## anonymous 5 years ago how do i test for symmetry? r=16cos3(theta)

1. anonymous

symmetry around what?

2. anonymous
3. anonymous

symmetry with respect to theta=pie/2, the polar axis, and the pole

4. anonymous

thanks but how do i actually work it to find the answer?

5. anonymous

This question will, unfortunately, take more time to answer than I have available. I can give you the following transformations and an example of what to do for one of them, and hopefully you can see what you have to do for the others.
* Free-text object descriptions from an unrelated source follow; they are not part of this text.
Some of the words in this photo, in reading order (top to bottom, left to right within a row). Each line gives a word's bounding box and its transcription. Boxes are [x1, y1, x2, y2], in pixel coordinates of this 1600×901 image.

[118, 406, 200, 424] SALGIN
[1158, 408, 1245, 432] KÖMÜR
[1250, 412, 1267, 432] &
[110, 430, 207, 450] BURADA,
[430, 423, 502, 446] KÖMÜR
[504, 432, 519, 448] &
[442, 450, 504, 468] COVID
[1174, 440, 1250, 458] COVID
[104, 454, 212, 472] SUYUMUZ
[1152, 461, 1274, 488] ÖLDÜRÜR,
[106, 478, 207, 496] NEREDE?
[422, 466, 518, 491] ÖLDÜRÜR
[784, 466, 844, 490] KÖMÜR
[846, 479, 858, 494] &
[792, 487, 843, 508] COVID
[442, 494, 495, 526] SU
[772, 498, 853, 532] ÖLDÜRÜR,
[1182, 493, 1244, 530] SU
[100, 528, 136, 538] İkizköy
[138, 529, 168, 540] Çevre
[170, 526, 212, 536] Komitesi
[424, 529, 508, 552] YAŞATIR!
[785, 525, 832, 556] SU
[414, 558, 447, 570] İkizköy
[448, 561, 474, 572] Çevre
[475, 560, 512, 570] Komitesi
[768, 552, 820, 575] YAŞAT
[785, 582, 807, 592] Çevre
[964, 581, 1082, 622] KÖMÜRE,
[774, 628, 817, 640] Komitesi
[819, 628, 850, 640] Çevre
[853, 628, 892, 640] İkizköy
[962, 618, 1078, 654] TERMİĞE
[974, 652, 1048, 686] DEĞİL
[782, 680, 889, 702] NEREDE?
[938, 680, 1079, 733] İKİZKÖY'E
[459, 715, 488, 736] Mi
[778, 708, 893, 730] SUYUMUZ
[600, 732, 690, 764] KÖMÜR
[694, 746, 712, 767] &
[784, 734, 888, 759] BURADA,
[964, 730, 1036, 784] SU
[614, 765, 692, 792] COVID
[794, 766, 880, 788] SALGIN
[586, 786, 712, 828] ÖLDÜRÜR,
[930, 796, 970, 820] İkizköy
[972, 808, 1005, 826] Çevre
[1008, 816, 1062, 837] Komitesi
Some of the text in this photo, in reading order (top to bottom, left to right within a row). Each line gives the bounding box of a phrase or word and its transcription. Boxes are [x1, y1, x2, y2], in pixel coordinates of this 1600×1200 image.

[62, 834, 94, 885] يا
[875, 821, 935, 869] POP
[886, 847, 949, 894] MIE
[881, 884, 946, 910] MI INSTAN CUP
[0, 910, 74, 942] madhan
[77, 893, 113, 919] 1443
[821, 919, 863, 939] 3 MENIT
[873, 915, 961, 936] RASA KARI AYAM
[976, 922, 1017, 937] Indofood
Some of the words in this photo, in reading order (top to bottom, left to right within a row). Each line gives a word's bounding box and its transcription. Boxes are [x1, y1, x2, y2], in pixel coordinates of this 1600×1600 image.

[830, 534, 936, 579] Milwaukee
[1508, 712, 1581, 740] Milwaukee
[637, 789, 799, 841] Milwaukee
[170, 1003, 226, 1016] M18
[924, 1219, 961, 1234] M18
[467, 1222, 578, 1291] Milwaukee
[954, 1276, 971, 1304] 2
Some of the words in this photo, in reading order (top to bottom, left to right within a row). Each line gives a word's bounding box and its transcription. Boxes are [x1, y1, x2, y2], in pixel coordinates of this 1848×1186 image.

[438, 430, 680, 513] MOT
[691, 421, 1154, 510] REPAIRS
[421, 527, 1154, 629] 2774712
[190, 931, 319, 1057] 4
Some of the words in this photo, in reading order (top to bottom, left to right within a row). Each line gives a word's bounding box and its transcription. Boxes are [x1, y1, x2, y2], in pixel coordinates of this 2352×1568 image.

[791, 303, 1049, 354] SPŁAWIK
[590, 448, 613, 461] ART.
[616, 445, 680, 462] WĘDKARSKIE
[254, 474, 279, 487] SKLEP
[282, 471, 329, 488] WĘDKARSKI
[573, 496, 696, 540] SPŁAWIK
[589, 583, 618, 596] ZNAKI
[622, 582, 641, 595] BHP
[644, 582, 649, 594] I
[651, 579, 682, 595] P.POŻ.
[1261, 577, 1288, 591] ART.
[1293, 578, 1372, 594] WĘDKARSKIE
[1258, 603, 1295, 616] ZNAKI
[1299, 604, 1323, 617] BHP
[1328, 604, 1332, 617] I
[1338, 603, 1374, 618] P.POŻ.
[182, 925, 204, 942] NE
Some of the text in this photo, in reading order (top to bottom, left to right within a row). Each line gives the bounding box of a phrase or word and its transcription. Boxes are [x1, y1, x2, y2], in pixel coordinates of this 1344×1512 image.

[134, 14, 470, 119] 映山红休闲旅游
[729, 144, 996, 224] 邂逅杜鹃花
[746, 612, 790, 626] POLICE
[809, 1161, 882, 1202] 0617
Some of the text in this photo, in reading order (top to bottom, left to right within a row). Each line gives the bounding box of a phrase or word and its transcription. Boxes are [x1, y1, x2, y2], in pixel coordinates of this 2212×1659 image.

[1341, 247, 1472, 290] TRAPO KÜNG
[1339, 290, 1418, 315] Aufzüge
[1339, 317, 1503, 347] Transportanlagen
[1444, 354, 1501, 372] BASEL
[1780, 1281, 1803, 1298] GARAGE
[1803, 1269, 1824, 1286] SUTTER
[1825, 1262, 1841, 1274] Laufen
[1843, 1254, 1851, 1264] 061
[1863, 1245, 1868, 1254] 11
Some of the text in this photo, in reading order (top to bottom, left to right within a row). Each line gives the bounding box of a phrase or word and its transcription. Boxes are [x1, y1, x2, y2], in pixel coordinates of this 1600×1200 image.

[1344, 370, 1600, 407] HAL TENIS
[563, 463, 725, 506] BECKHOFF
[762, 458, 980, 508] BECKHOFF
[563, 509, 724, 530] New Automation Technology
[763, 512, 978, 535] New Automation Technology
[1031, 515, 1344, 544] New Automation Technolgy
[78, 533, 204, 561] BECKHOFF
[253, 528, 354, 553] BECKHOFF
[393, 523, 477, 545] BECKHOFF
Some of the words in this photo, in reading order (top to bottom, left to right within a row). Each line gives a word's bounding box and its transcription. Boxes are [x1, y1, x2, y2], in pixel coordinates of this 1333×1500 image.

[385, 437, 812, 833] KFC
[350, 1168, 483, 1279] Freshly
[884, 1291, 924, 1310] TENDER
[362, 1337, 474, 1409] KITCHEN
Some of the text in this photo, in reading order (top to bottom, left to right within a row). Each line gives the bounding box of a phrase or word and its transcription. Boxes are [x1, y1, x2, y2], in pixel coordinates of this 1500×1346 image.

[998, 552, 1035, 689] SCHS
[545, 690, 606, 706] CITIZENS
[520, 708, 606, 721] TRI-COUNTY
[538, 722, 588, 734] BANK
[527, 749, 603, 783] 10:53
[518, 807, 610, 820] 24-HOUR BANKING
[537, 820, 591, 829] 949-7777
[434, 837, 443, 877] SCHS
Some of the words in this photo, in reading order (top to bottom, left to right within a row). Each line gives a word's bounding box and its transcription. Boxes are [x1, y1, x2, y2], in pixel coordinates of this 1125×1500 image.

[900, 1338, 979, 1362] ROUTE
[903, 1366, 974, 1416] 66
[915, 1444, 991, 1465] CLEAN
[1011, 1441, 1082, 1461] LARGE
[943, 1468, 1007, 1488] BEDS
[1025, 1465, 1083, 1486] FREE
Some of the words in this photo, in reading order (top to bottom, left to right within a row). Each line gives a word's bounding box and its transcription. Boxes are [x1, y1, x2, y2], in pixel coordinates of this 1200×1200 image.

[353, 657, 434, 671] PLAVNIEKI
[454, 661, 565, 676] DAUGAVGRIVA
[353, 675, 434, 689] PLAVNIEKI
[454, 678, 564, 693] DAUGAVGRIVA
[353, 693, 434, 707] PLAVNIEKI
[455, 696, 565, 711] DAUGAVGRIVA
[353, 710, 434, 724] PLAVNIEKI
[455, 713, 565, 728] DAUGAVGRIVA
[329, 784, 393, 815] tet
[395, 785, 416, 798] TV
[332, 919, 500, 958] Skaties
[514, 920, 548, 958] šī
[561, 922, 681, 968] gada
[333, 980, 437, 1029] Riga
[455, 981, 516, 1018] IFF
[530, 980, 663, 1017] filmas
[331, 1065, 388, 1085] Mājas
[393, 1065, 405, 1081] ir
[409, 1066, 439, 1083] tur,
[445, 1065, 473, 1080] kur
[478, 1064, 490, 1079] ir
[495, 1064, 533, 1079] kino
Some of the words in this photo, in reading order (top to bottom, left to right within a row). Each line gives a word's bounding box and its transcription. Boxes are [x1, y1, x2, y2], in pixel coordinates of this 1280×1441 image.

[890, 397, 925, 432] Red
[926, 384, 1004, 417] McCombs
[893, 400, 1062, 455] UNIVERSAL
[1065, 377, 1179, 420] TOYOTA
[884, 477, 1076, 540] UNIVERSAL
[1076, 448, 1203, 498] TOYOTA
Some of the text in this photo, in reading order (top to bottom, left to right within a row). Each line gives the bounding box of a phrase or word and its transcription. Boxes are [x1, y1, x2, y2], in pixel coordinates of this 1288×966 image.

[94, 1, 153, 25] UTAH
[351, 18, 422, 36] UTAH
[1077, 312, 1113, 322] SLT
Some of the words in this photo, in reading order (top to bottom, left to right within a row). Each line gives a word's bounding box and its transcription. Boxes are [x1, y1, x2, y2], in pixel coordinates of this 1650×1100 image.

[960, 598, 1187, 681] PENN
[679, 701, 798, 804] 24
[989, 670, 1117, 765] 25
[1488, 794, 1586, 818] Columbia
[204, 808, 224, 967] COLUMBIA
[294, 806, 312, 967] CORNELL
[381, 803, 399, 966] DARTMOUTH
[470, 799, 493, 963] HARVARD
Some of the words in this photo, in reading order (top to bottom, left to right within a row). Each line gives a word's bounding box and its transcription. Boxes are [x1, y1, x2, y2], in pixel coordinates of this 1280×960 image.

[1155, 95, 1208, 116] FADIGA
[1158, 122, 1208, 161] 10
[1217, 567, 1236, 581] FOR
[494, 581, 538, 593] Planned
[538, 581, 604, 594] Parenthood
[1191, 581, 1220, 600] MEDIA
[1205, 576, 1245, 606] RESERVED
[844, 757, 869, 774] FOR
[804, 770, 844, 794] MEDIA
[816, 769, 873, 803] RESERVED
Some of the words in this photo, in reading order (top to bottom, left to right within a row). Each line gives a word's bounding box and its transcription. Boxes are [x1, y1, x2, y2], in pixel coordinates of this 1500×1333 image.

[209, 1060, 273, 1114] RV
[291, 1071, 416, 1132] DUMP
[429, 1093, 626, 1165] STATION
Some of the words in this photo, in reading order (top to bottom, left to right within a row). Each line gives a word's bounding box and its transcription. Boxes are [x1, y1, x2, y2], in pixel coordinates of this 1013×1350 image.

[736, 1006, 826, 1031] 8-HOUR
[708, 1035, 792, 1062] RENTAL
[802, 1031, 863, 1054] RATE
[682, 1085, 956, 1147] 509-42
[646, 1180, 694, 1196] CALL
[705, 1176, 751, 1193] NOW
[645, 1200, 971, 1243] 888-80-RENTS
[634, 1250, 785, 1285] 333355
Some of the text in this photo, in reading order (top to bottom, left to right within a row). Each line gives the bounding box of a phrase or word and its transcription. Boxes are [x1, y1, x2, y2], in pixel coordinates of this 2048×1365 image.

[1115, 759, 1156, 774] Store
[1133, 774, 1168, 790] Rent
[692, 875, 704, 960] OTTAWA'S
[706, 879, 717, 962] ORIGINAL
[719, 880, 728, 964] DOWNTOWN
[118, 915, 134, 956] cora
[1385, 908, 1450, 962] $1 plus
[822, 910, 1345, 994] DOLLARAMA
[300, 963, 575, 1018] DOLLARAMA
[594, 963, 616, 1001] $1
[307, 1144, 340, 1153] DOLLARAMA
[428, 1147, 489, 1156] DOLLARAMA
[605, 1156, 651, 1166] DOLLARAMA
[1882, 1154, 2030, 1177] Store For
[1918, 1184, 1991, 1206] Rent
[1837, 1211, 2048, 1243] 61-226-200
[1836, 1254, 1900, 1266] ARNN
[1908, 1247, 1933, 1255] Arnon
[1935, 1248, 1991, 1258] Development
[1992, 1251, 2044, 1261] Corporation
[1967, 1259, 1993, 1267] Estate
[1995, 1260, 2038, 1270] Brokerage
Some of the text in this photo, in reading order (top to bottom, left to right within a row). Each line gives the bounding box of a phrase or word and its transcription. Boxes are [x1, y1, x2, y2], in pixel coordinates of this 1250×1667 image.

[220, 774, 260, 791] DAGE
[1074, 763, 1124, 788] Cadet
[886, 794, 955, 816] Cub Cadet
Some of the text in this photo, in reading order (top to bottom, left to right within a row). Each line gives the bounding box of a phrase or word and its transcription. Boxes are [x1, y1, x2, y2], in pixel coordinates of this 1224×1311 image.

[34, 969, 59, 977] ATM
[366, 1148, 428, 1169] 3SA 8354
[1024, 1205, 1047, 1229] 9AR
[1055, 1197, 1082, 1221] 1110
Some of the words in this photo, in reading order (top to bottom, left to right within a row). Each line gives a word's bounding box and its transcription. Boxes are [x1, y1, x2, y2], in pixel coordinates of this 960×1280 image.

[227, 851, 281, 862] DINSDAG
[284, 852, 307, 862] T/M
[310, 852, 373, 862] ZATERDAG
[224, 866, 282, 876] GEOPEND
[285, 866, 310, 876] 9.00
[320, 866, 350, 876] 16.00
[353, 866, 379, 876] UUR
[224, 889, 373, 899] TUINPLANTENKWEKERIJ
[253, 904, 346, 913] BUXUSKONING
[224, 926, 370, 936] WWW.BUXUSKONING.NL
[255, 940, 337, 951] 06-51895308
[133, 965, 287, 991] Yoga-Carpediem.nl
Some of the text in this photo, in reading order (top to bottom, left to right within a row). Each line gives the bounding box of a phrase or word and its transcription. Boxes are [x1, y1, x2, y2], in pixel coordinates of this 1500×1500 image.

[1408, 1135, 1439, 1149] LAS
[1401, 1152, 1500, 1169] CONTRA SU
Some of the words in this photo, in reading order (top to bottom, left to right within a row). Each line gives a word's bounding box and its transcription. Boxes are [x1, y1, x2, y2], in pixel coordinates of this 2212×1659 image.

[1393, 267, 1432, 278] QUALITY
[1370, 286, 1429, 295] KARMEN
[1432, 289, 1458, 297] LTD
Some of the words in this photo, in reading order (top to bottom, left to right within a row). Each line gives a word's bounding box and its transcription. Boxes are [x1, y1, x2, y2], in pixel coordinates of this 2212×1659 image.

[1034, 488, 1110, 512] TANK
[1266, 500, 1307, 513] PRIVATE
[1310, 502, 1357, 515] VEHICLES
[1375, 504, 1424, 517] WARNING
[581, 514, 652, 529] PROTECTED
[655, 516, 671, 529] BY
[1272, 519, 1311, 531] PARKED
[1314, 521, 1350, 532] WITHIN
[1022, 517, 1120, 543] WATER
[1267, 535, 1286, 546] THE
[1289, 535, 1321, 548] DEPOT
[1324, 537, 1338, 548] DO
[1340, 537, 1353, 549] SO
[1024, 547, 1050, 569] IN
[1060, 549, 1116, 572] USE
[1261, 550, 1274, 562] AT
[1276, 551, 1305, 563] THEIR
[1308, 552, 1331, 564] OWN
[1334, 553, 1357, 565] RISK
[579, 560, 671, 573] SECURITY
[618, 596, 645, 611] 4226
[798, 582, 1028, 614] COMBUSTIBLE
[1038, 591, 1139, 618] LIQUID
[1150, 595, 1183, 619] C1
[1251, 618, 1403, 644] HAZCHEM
A polar function is symmetric about the polar axis if, when you replace (r, theta) with EITHER (r,-theta) or (-r, pi-theta), you get the original function back. Here, if (r, theta) is on your graph, then$(r, \theta) \rightarrow r=16 \cos 3 \theta$$\rightarrow r=16 \cos 3 (- \theta))$$\rightarrow (r, -\theta)$is on your graph (because cosine is even (i.e. cos(theta) = cos(-theta)).

6. anonymous

The function's symmetric about the pole if when you replace$(r, \theta)$ with (-r, theta) OR (r, pi+ theta), you get the original function back. So here,$(r, \theta) \rightarrow r=16\cos 3 \theta$$\rightarrow r=16 \cos 3 (\pi+\theta)$$\rightarrow r=-16\cos 3 \theta\ne 16\cos3\theta$So neither (-r theta) or (r, pi + theta) lie on the graph (note, when I'm giving you two points to choose from in your test, these points on the graph are identical (you just take a different route getting there (draw it if you can't see it))).

7. anonymous

If the function's symmetric about pi/2, then replacing (r, theta) with either (r,pi-theta) or (-r, -theta) should get you back to (r, theta). Here,$(r, \pi-\theta) \rightarrow 16 \cos 3(\pi-\theta))=-16\cos 3 \theta=-r \ne r$i.e. if you replace with pi-theta, you don't get back to (r, theta), you get to (-r, theta). So this isn't symmetric about pi/2. There is a mistake in the reasoning above. I should have said,$(r,\pi+\theta) \rightarrow 16\cos 3 (\pi + \theta)= -16\cos 3 \theta = -r \ne r$

8. anonymous

So it's only symmetric about the polar axis.